#### Work request
Without the pictures, copy the entries below word for word.

#### Available data
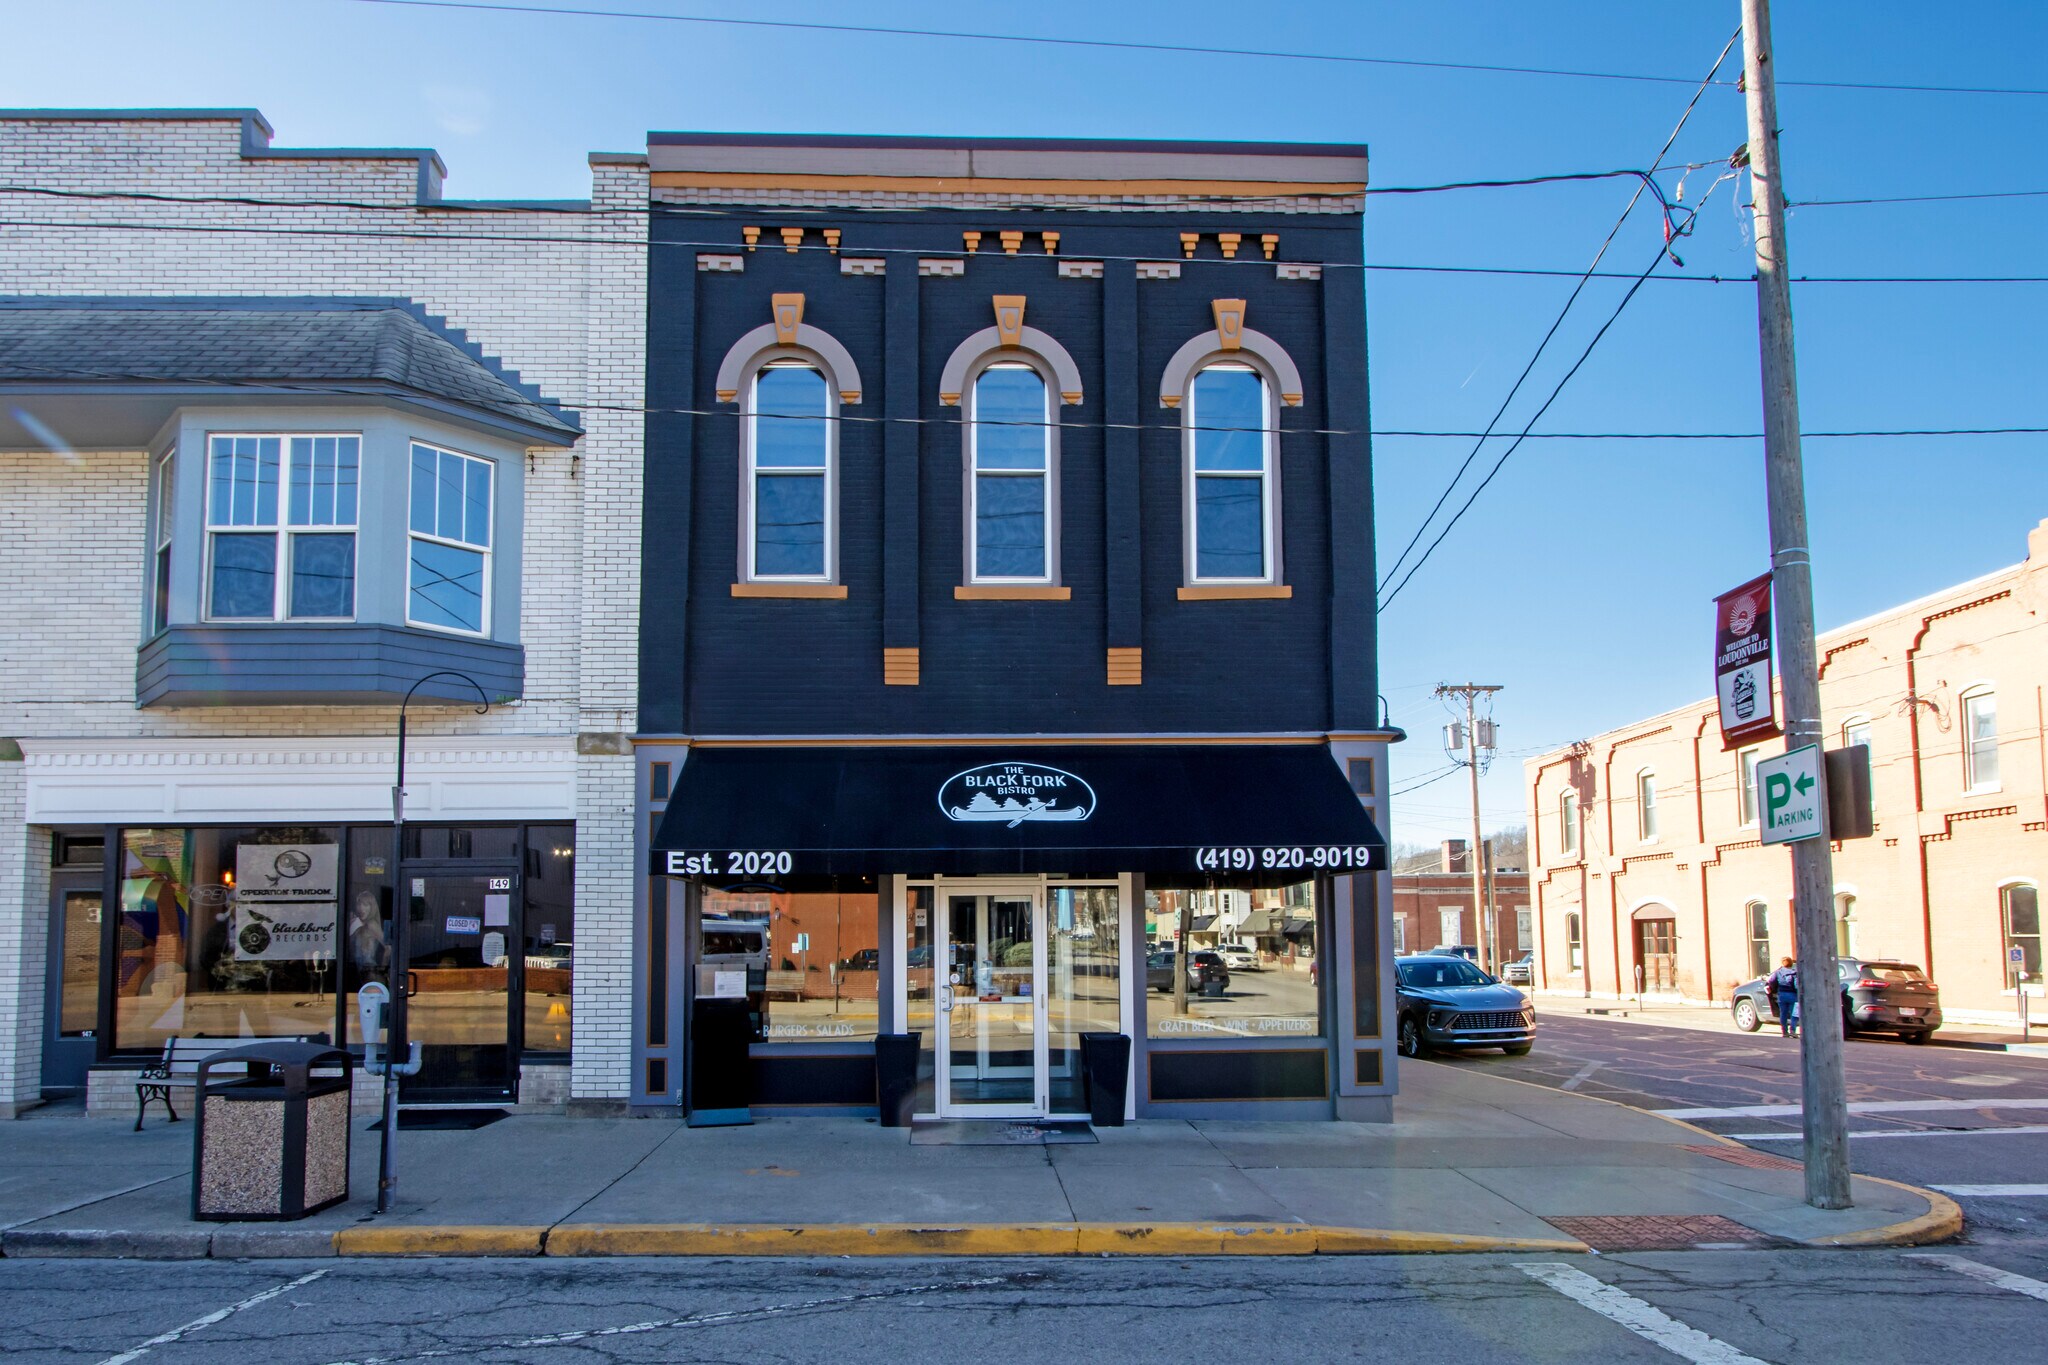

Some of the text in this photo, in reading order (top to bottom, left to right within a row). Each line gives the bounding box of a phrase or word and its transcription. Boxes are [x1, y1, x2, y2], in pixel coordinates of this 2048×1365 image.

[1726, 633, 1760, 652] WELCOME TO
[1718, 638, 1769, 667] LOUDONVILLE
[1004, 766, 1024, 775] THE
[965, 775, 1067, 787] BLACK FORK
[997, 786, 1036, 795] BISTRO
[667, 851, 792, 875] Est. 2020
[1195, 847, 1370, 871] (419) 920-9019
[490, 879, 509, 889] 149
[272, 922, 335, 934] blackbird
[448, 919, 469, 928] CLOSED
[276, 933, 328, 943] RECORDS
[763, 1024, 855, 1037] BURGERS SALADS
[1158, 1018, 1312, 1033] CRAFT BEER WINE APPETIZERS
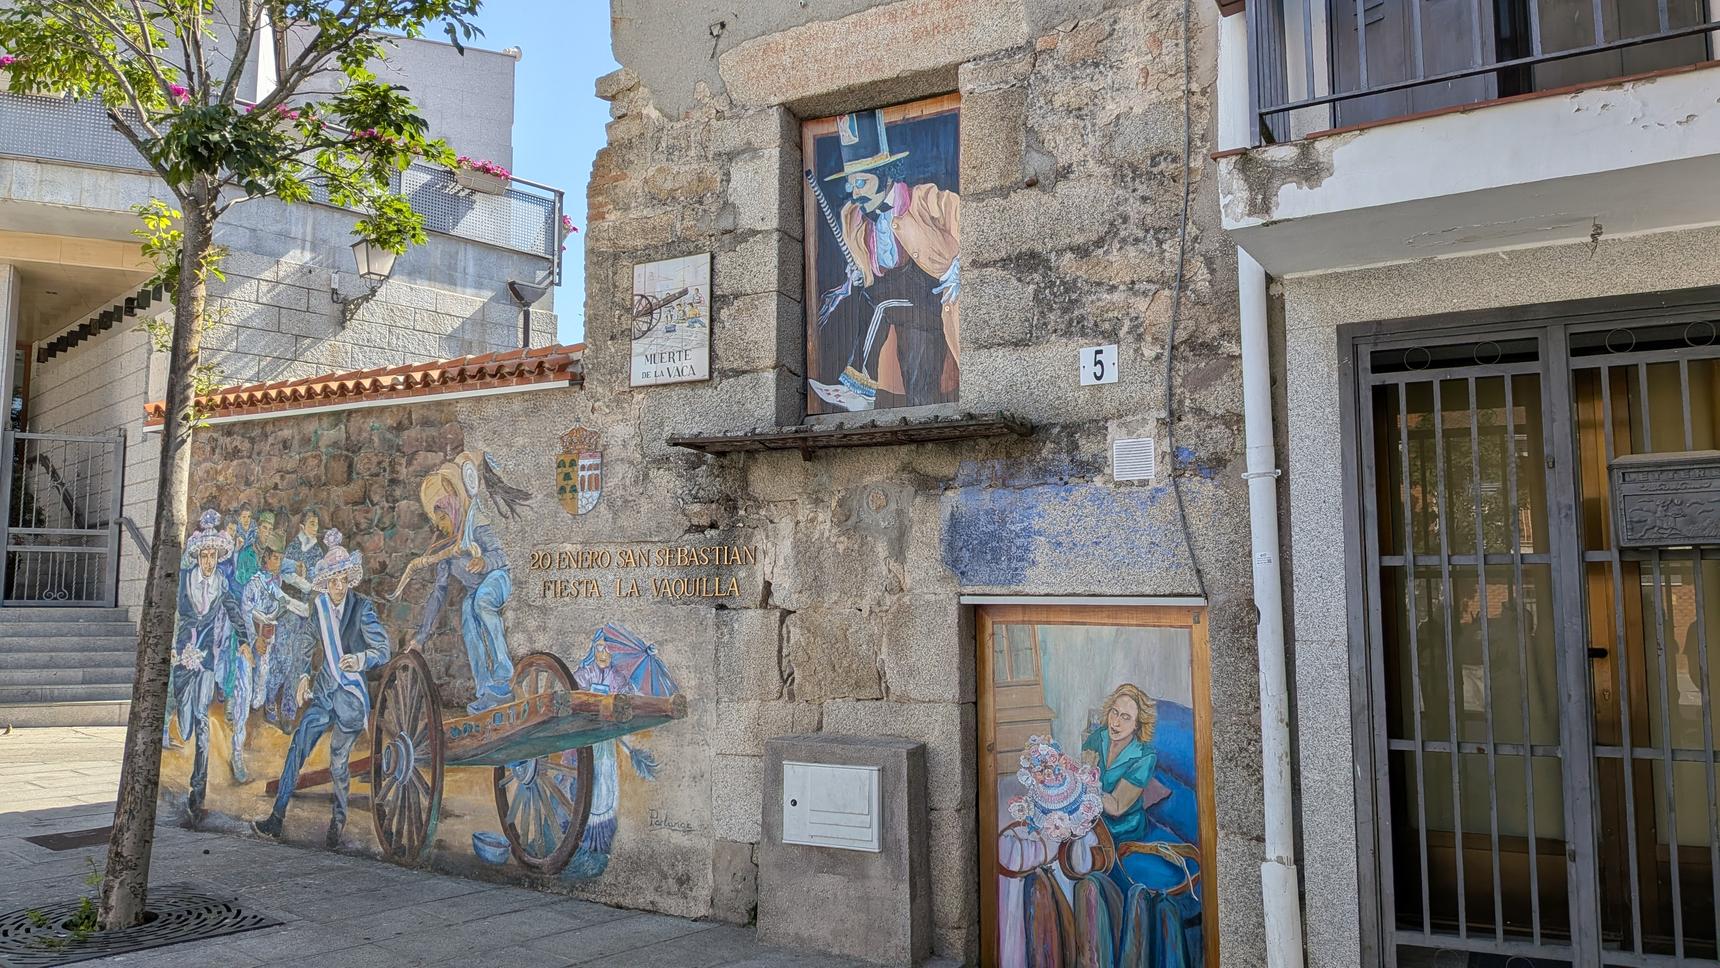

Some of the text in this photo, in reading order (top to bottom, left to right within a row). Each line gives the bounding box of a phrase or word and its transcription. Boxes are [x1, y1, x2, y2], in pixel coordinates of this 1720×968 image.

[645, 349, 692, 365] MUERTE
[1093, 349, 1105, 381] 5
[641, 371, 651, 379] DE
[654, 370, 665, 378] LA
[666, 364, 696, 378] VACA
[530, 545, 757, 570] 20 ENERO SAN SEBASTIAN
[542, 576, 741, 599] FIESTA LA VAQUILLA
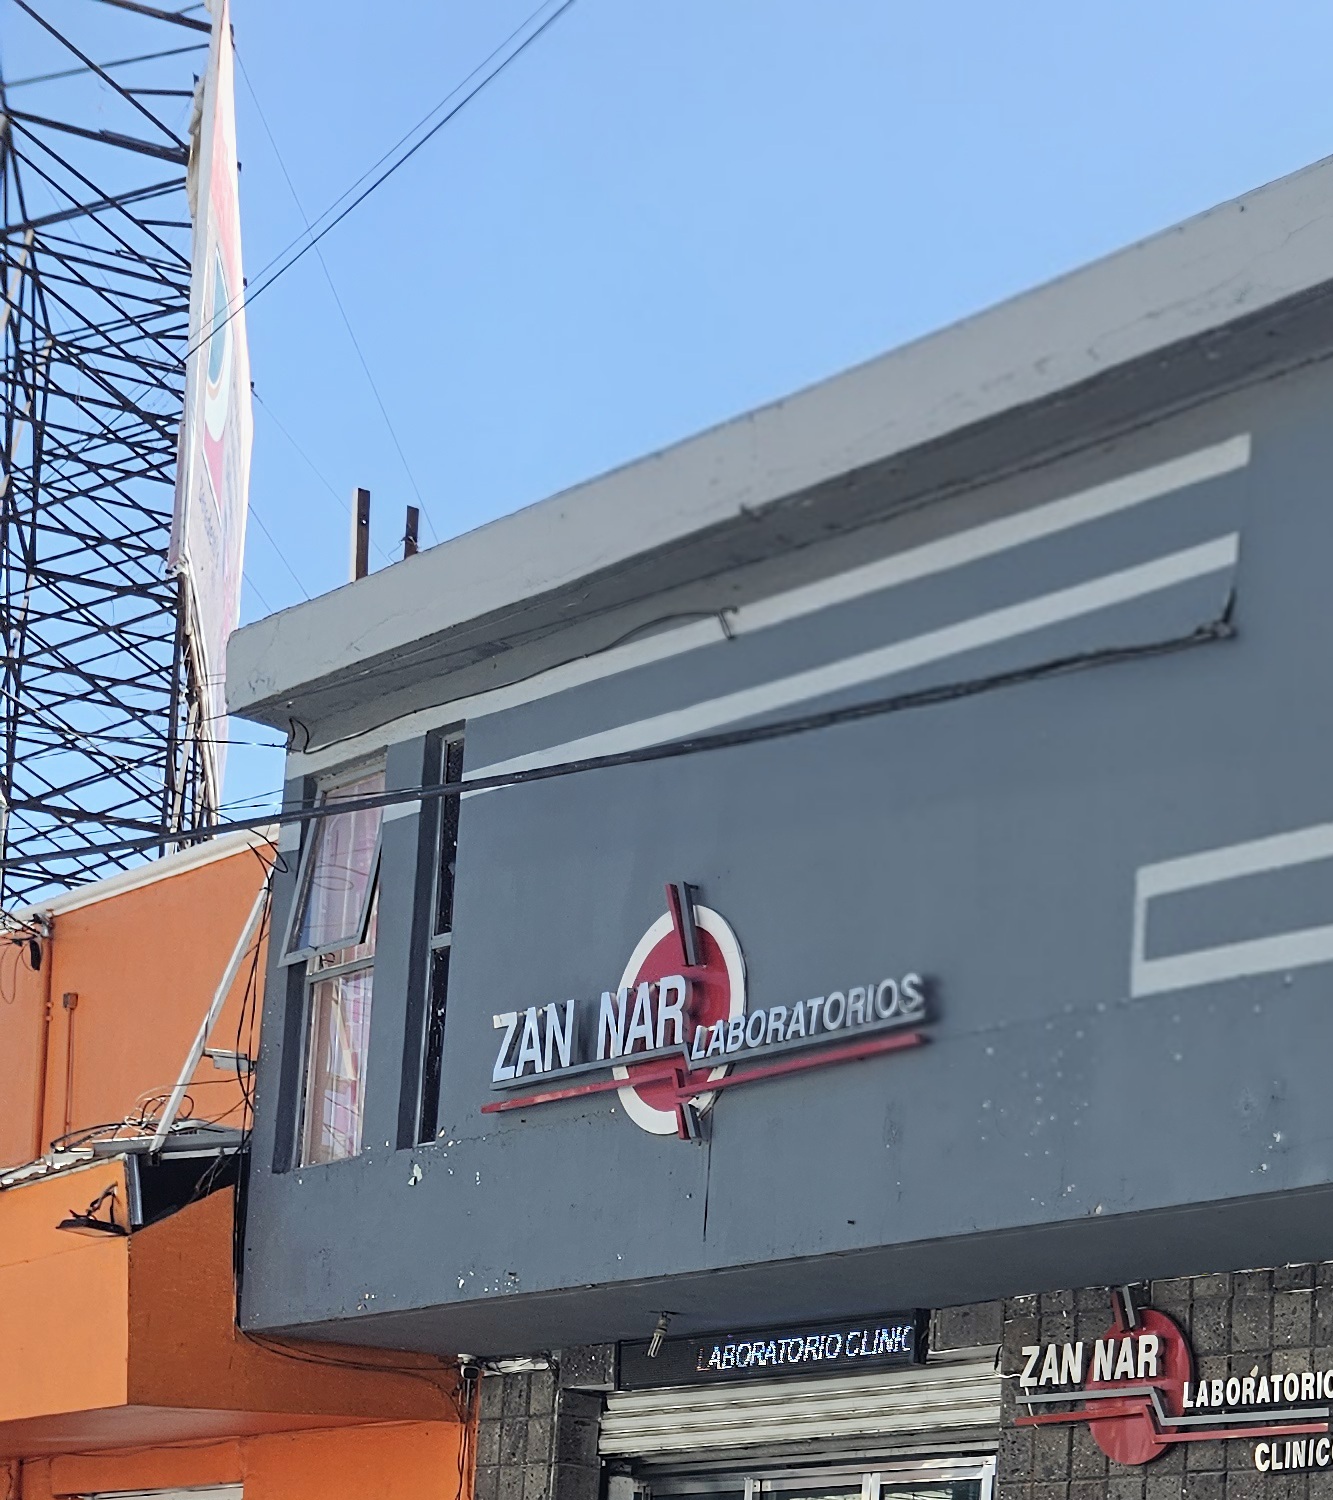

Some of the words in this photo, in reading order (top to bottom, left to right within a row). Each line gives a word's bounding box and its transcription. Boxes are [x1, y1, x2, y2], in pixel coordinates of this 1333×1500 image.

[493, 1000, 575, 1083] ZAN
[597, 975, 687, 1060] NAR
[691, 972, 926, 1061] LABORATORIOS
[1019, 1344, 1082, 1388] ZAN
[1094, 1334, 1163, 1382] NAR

#### Task result
Some of the text in this photo, in reading order (top to bottom, left to right within a row). Each line gives the bounding box of a phrase or word and its transcription. Boxes are [x1, y1, x2, y2], in pixel coordinates of this 2048×1365 image.

[1726, 633, 1760, 652] WELCOME TO
[1718, 638, 1769, 667] LOUDONVILLE
[1004, 766, 1024, 775] THE
[965, 775, 1067, 787] BLACK FORK
[997, 786, 1036, 795] BISTRO
[667, 851, 792, 875] Est. 2020
[1195, 847, 1370, 871] (419) 920-9019
[490, 879, 509, 889] 149
[272, 922, 335, 934] blackbird
[448, 919, 469, 928] CLOSED
[276, 933, 328, 943] RECORDS
[763, 1024, 855, 1037] BURGERS SALADS
[1158, 1018, 1312, 1033] CRAFT BEER WINE APPETIZERS

Some of the text in this photo, in reading order (top to bottom, left to right within a row). Each line gives the bounding box of a phrase or word and its transcription. Boxes are [x1, y1, x2, y2], in pixel coordinates of this 1720×968 image.

[645, 349, 692, 365] MUERTE
[1093, 349, 1105, 381] 5
[641, 371, 651, 379] DE
[654, 370, 665, 378] LA
[666, 364, 696, 378] VACA
[530, 545, 757, 570] 20 ENERO SAN SEBASTIAN
[542, 576, 741, 599] FIESTA LA VAQUILLA

Some of the words in this photo, in reading order (top to bottom, left to right within a row). Each line gives a word's bounding box and its transcription. Boxes are [x1, y1, x2, y2], in pixel coordinates of this 1333×1500 image.

[493, 1000, 575, 1083] ZAN
[597, 975, 687, 1060] NAR
[691, 972, 926, 1061] LABORATORIOS
[1019, 1344, 1082, 1388] ZAN
[1094, 1334, 1163, 1382] NAR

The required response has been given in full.